Andava troppo forte, e continuava ad accelerare. 70 chilometri orari. 80. 90. Sempre più veloce per le strette strade della città deserta. Improvvisamente ricordai che nel corso della serata l'avevo visto bere almeno quattro boccali di birra. Io non ero abituata alla velocità, all'impulsività, mi piaceva fare le cose con calma e avere il tempo di ragionare e di prendere le mie indecisioni. Attraversammo un incrocio molto pericoloso con il semaforo rosso. La paura si stava impossessando di me.

-"Puoi rallentare, per favore?" Chiesi piano, non volevo essere maleducata, in fondo si era dimostrato gentile a offrirmi quel passaggio.

-"Cosa?" Disse ad alta voce, cercando di superare quella musica assordante.

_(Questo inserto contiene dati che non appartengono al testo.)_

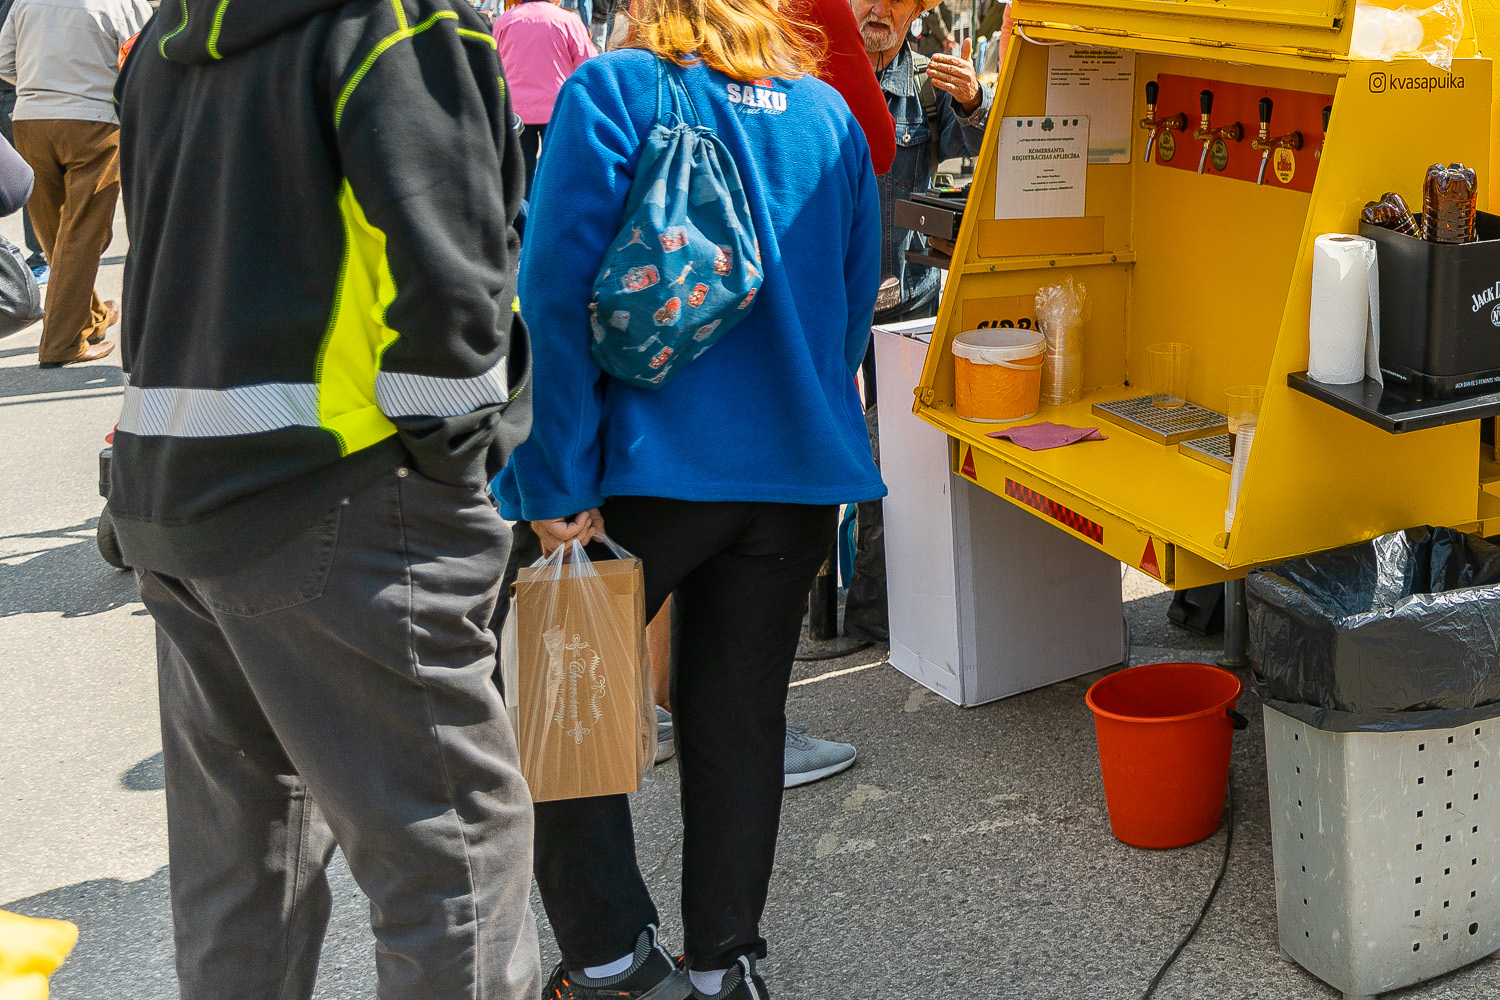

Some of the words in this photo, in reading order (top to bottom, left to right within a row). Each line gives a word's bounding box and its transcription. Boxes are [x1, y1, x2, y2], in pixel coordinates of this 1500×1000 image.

[1389, 73, 1465, 93] kvasapuika
[727, 83, 787, 111] SAKU
[1471, 286, 1495, 312] JACK

-"Ho detto.."- mi guardava confuso, mentre abbassava il volume sbottai urlando istericamente -"Ho detto di rallentare, cazzo!"

Una lacrima di nervosismo mi solcò la guancia. In quel silenzio il mio urlo si era sentito troppo, mettendomi a disagio sotto il suo sguardo incalzante e stupito. Nel silenzio che ora aleggiava nella macchina gli unici suoni erano dovuti al mio respiro, che si era fatto pesante, e al mio battito, sempre più veloce.

-"As you want, my lady." Disse con un ghigno in viso, frenando improvvisamente. Di slancio caddi in avanti, nonostante avessi la cintura di sicurezza. Scoppiò a ridere. Era una risata isterica anche la sua, quasi selvaggia.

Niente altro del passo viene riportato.